To do this, drag the threshold line on either of the two latter windows (their lines are linked)  to a position of you choice using the mouse. When releasing the mouse button, EditAEM displays the 3 worst trials for the chosen threshold as simplified channel status plot (green numbers indicating good sensors, red numbers indicating bad sensors), to give you an quick impression of the of the data quality you will have after the editing. EditAEM also displays the number of trials that will be accepted as good  (green number at the top of the 'Number of trials per std of approximation'-figure) and the number of trials that will be considered as bad (red number below).
When you think you have chosen the optimal threshold, click the 'accept'-button.Then EditAEM closes the editing windows and saves your thresholds to disk, creating a *.WE*-file and a *.TVM*-file that contains information from all 3 threshold types . These files can then be used as input for EmegsAVG, which is the tool in EMEGS to average across 'good' trials while interpolating 'bad' sensors by surrounding ones. Moreover, another graph will be displayed showing accepted (green *s) and rejected (red *s) trials in their temporal succession in the presentation. If you are editing in batchmode, EditAEM will then close all the supplementary graphs and jump to the next file. If you are editing file by file manually, you can either load the next data file, close the figures manually or select the 'All' or the 'all expect main' item, from the 'close specific'-dropdownmenu. If you select 'All & EmegsAVG', EditAEM will be closed, EmegsAVG will be started and the edited files will automatically be loaded for averaging.

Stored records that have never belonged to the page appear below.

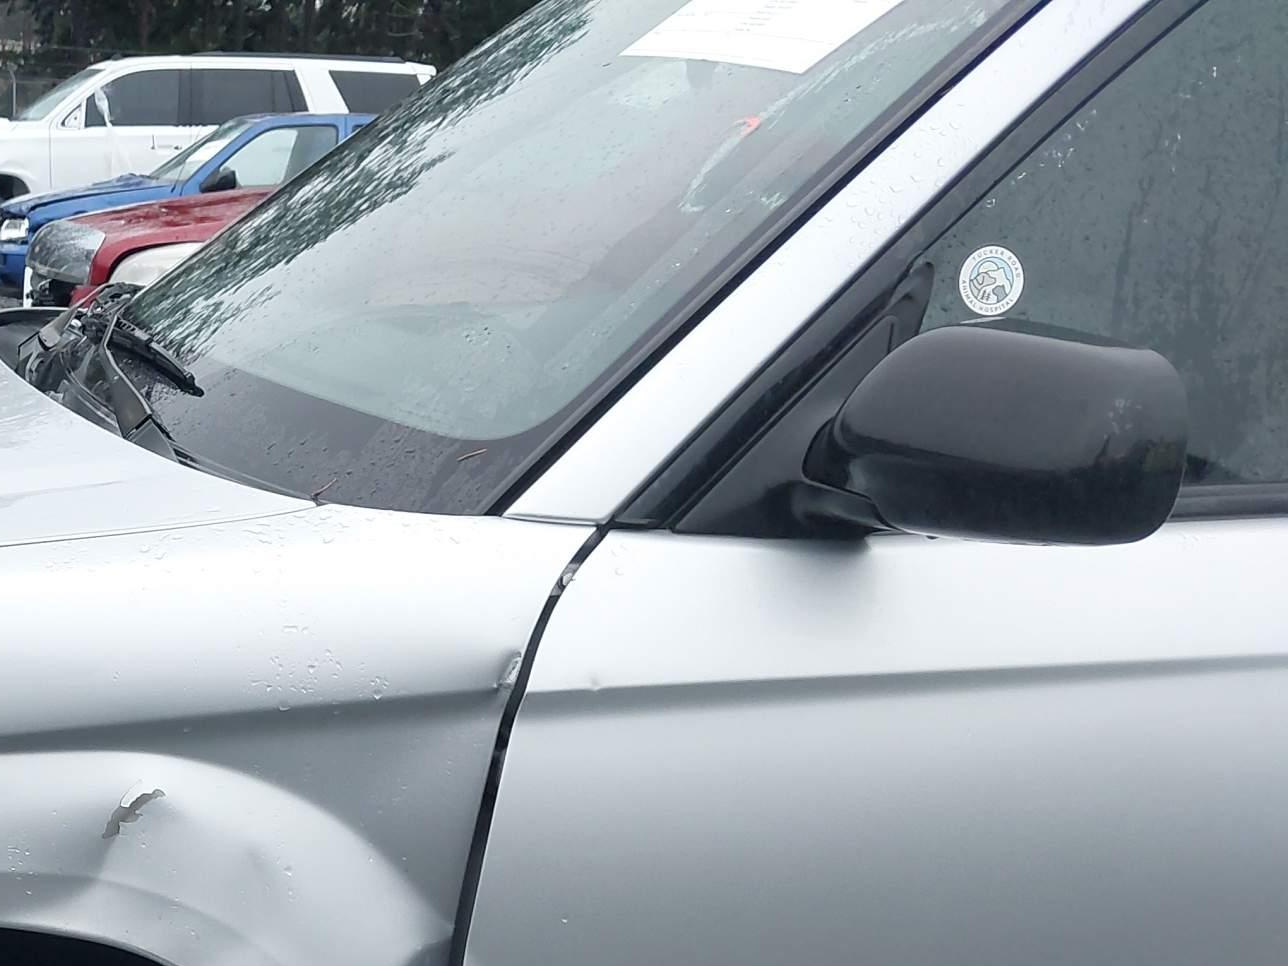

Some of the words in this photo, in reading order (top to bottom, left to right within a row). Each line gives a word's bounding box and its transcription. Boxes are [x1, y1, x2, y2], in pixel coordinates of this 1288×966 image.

[972, 249, 1005, 261] TUCKER
[1007, 255, 1021, 278] ROAD
[961, 279, 978, 308] ANIMAL
[979, 298, 1014, 313] HOSPITAL
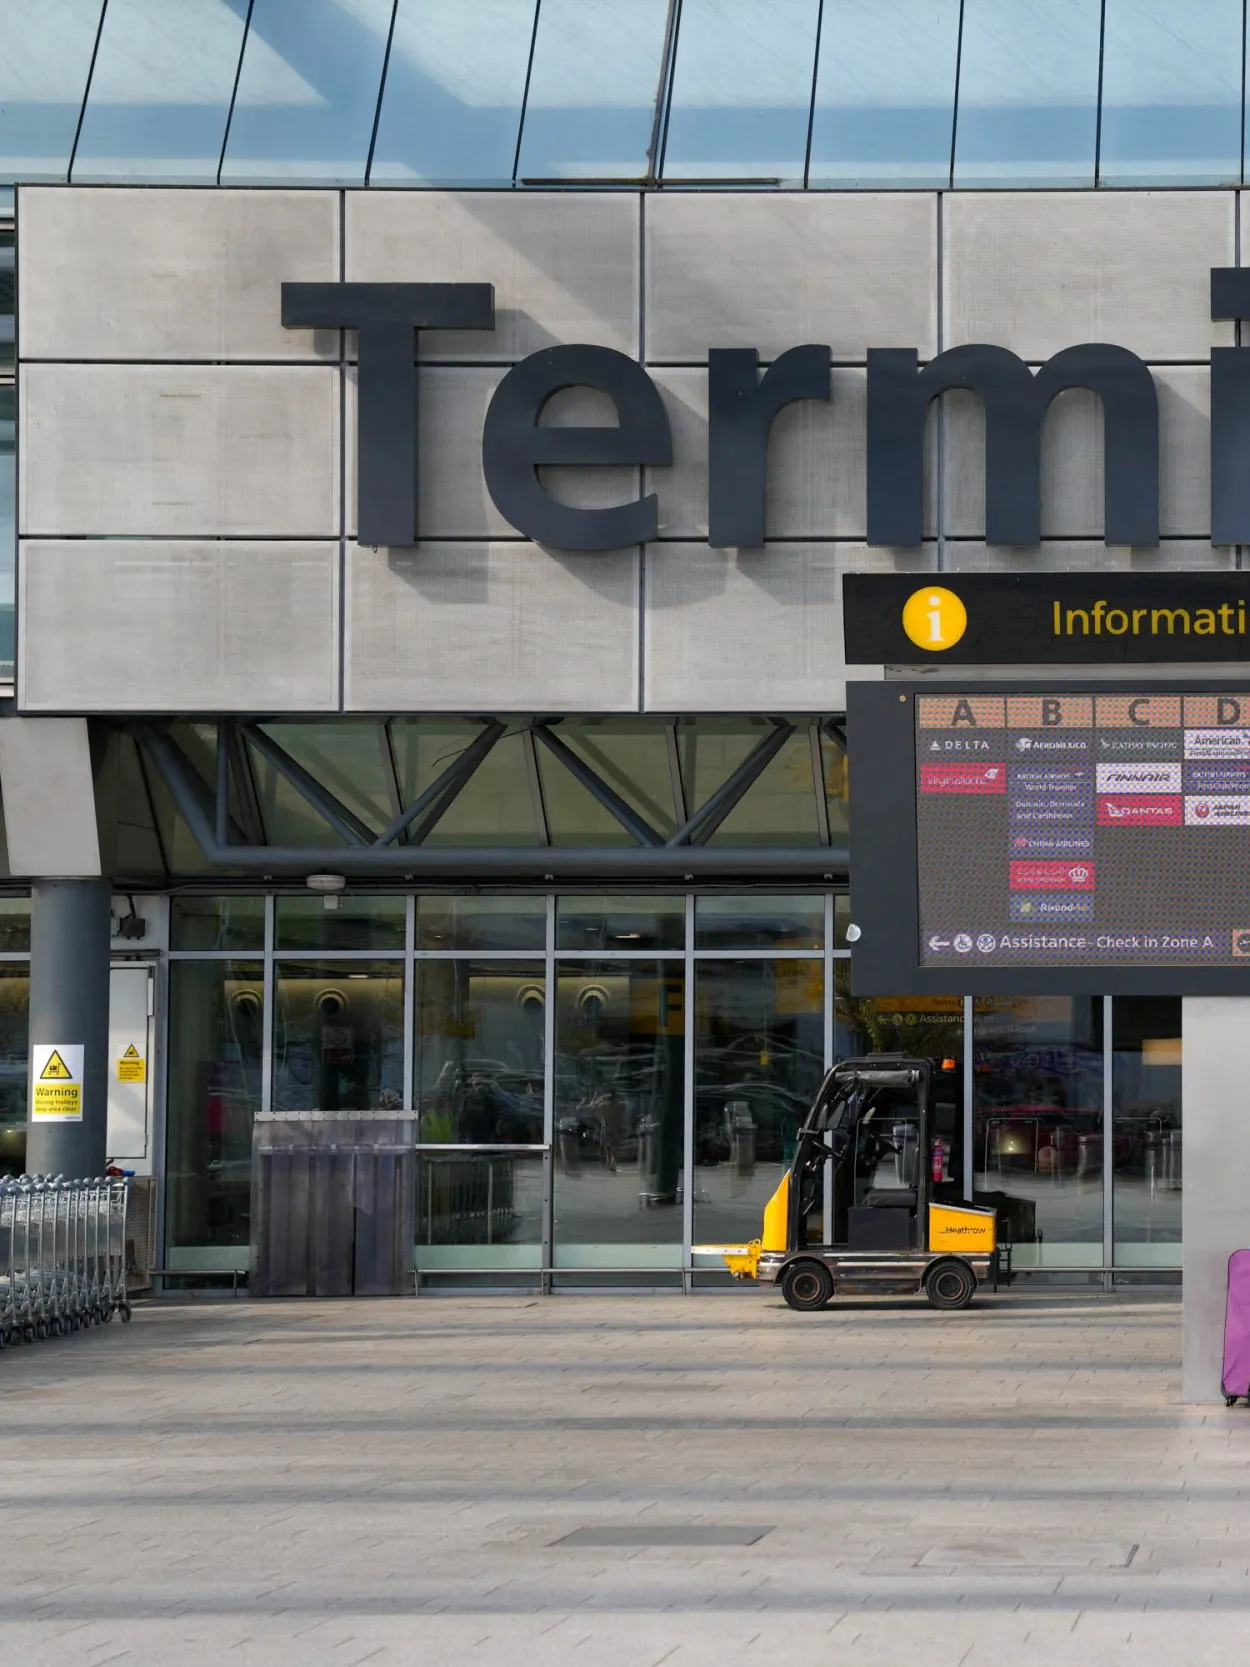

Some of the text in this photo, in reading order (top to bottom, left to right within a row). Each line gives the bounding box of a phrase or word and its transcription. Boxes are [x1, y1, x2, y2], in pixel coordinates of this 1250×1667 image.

Diplaying data trials from the AutoEditMat-window
With the considerably abstract diplay of the stastical parameters as a grayscaled surface, it is often hard to judge where good trials end and bad trials begin. One thing to help in this decision it to take a look at the overal shape of the AutoEditMat-display: Light color values represent larg parameter values, darker colors small parameter values. For 'maximum absolute amplitude' and 'standard deviation', unusually large values are mostly caused by artifacts, so that in general, as the AutoEditMat-display is sorted by quality, the surface should become increasingly bright from left to right. The entirely white bars on the right represent trials, that emegs has already extracted due to type 1 and 3 thresholds. They cannot be included in the averaging by selecting a high type 2 threshold. The only way include them anyway, is to alter the settings for the automatized thresholds before initiating the 'AutoEdit'. In most cases, however, you will not want to use those trials, as they contain mostly blinks, head movements and other severe distortions of the signal. However, quite often you can identify a position in the AutoEditMat, where a qualitative change takes place, for instance, where a cluster or bar of bright spots starts, that cannot be found in trials on its left. This suggests, that all trials with this bar are somehow different from most of the other trials, and chances are that they contain artifacts.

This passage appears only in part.